Crafting a system for indexing, curating, and deriving blockchain data in multichain future

The blockchain industry is interesting in the fact that each respective chain is a single threaded single source of truth for all data. It is a very unique and different data problem to most current architectures. Sure it can be said that their are many offchain data sources and data sets that integrate into these solutions but those in most true blockchain products are merely contextual data to the goings on of the actual transactions on the blockchain.

  1. The problem
  2. The solution
  3. The method
  4. The technologies.

The problem - Endless State Growth

The blockchain trilemma of the tradeoff between scalability, decentralization, and security goes hand in hand with this discussion of indexing of blockchain data. For many businesses in the blockchain space the decentralization aspect can be disregarded; thus we must focus on two.

Lets first address scalability. It is paradoxical, like many precient technologies that in order to be successful blockchains must increase velocity of TPS thereby storing more transactions at a faster rate, for more users, and this is happeing accross several high TVL chains. All of these factors greatly contribute to and accelerate state growth on each of their respective chains. So this is not just an issue for node providers but also the indexers that structure that data. With indexing also logically including more data duplication as well as including offchain data that data acceleration is much more dire. But remember that being a company we can do away with optimizing for decentralization, we only need to perfect scalability.

Scaling for infinite usecases

Not only are there an ever increasing number of accounts, transactions, and assets on each chain but there are also an ever increasing number of usecases. Anticipating these use cases to be able to index for them is a fools errand. We must design a system that can index for any usecase and any data set that must be derived. This is a very difficult problem to solve and one that I believe is best solved by a generalized indexing solution.

The Solution - Derived Datasets

If it can be said that all blockchain products, businesses, daos, etc. originate from the single threaded source of truth of one or many blockchains than it is a reasonable assumption that in order to properly and efficiently scale these products and businesses they must become experts in building derived blockchain datasets and then enrich them with offchain data.

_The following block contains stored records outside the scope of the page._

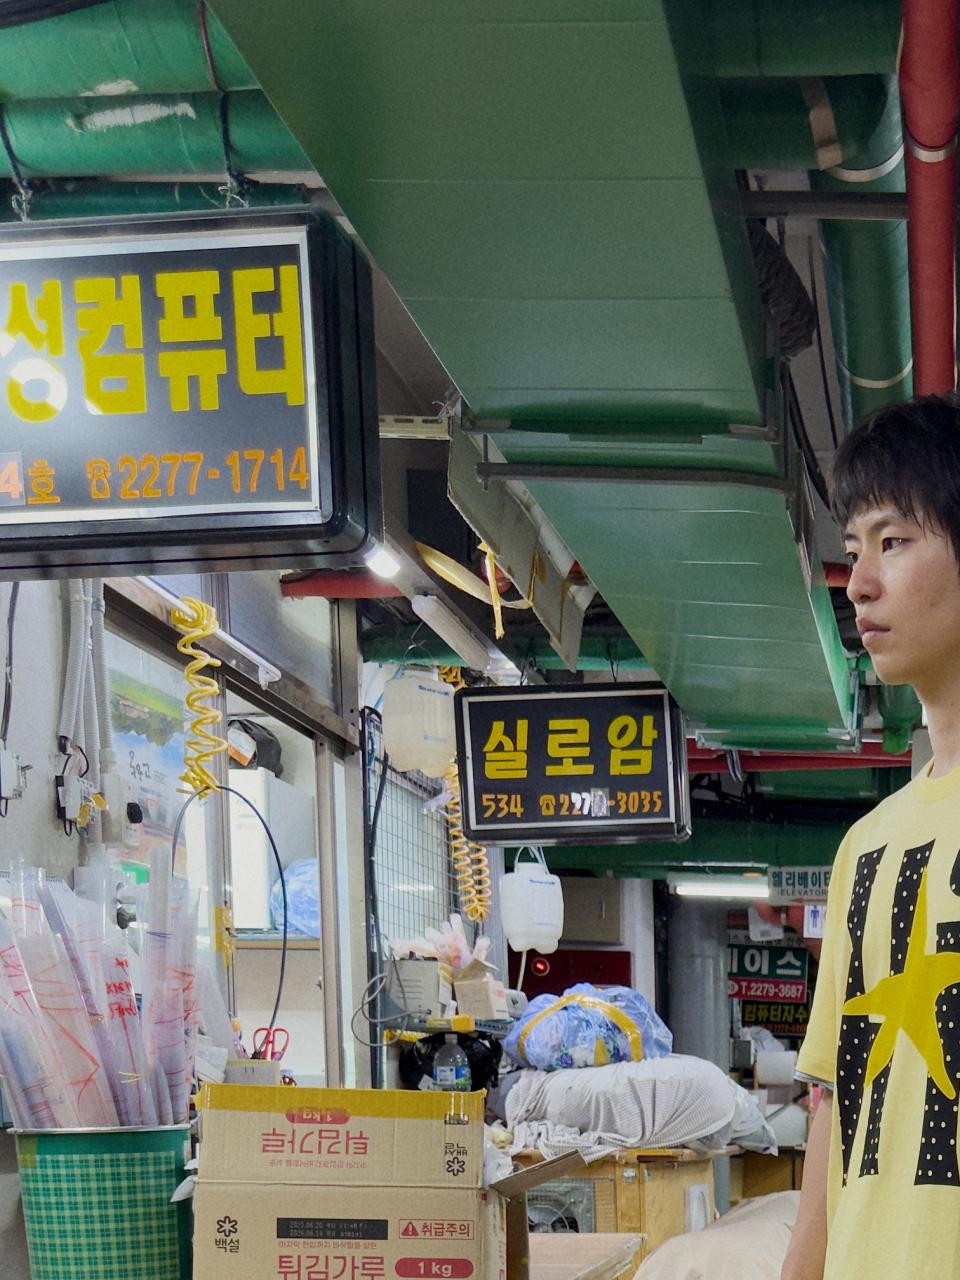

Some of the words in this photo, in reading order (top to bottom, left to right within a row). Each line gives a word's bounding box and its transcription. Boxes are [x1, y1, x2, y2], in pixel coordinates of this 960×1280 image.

[119, 447, 310, 499] 2277-1714
[482, 714, 658, 780] 실로암
[482, 793, 524, 818] 534
[261, 1127, 370, 1157] 튀김가루
[444, 1142, 467, 1157] 백설
[421, 1221, 471, 1238] 취급주의
[214, 1237, 240, 1253] 백설
[431, 1260, 453, 1278] kg
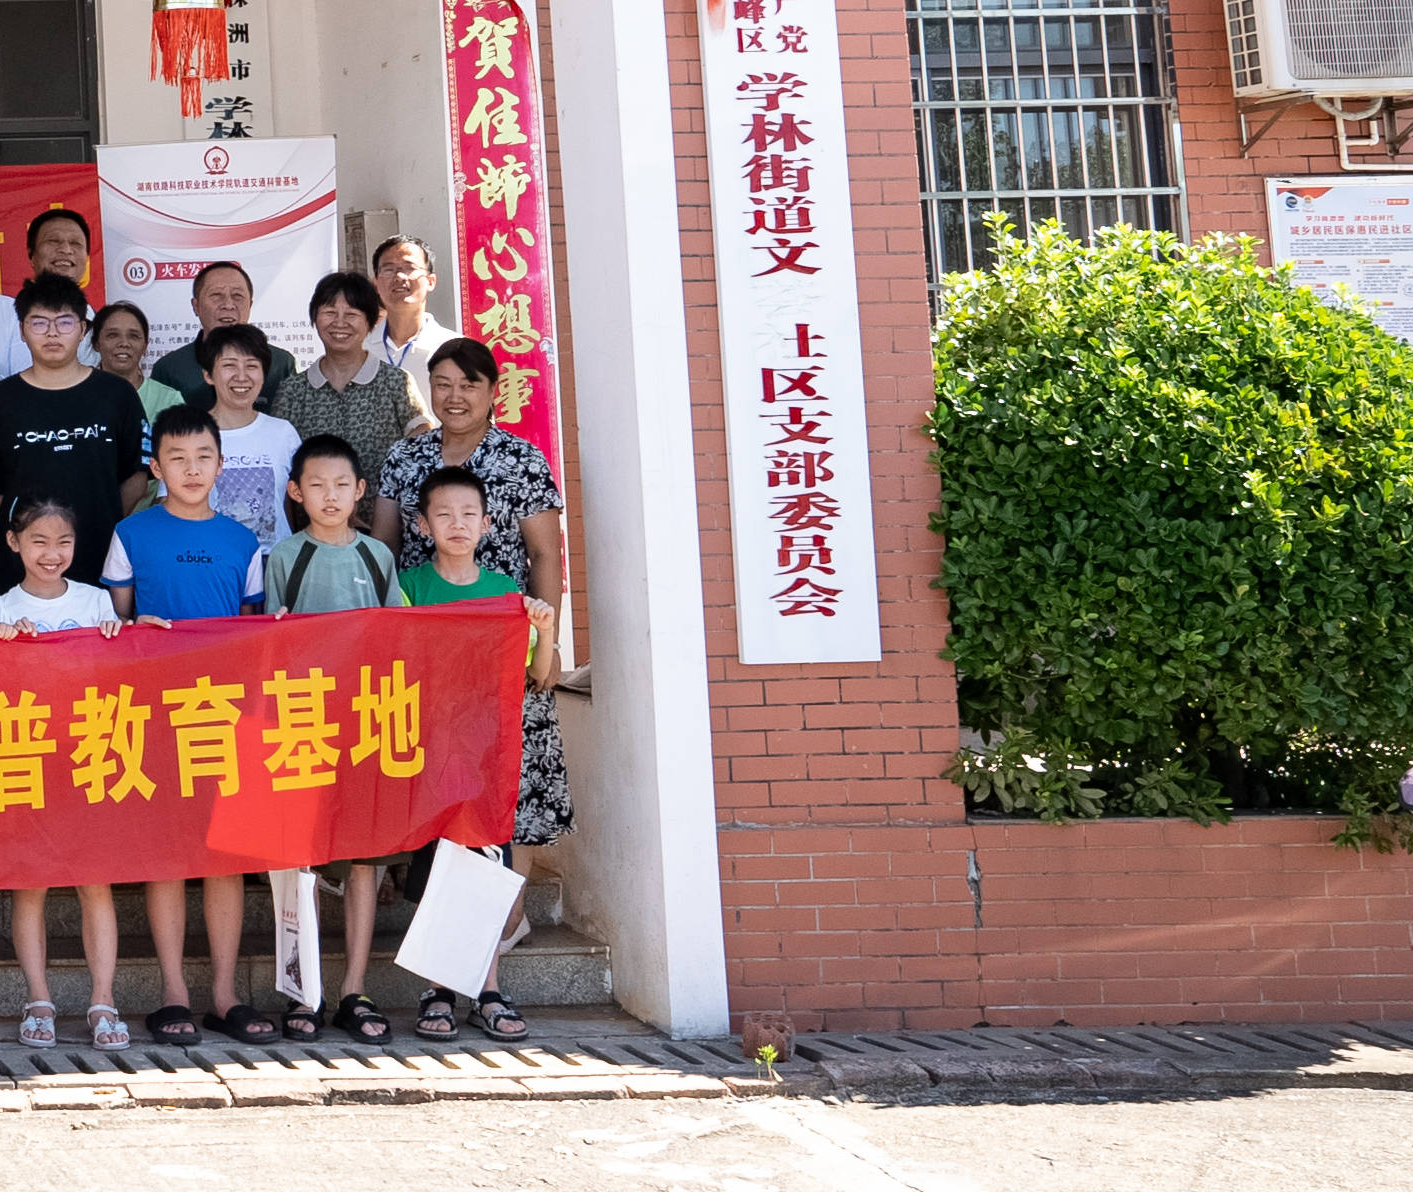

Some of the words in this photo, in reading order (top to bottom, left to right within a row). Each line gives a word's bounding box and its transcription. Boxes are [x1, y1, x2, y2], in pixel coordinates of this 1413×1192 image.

[129, 267, 145, 279] 03
[161, 262, 211, 278] 火车发

The Method - Event Driven Architecture

Event driven architectures in blockchain

There really couldnt be a better more suitable usecase for event driven architecture patterns. Block production is inherently event driven and the trigger for all other events.

NoSQL vs NoSQL

Vertical vs Horizonal scaling.

First off, if we can all agree a multi-chain future of mass adoption is what we need to optimize for then that can serve as the stage from which we need to design and optimize for. If mass adoption is to ever occur then we can and should reasonably expect hundreds of millions if not billions of accounts across an ever growing number of networks with a growing number of assets (tokens, nfts, etc.) and a growing amount of activity on each respective chain. This is firmly in big data territory, which in my mind means we must rely on only solutions that can be horizontally scaled, not vertically. SQL databases are excellent but in my opinion its perilous to expect it to be suitable for a generalized indexing solution. Sure we can use of managed DBs like AWS Aurora and use Read/Write replicas and all the other modern things to scale a SQL database but in my opinion its still not a matter of IF it will fail to scale but WHEN. Quite a costly gamble in my opinion. To make matters worse we have zero control over the growth of the data we are trying to index so we can neither predict nor optimize around performance degradation and scaling needs. In this future I think the success of the blockchain ecosystem would mean a failure of ours. The growth of accounts, networks, protocols, users, transactions, etc. is theoretically limitless and that growth is the very thing the industry is innovating to make happen. My simplistic mental model of what we need to index is as follows. Networks x Accounts x Transactions = Exponential growth (Not scalable)

From a purely EVM centric view there are very few base level entities (accounts, blocks, transactions, logs) and a couple pseudo base entities (internal txs, transfers) from which there are very few well defined access patterns which need to be optimized for with a generalized EVM indexing system. This can much more effectively be served by a no SQL solution like DynamoDB or others like it where large distributed data partitioning is possible. We need to be optimizing for exactly what our application needs are and we cant afford the luxury of a DB that is accommodating OLAP and ad-hoc queries, we require OLTP at scale. Lets take the following simple use case which is arguably the most valuable and frequent access pattern. “Give me all of a users transactions across all chains” Its a very simple usecase but even for a SQL database this is quite a complex join. The required solution would need to join normal, internal, and token transfers with price data, token metadata, tx receipts, etc. This type of query will grow slower and more expensive overtime and will be made worse by the very success of mass adoption, with denormalized data in partitions these types of queries have no performance hit and would be just as efficient regardless of the size of the ecosystem and its growth. Additonally, each block can be processed in isolation.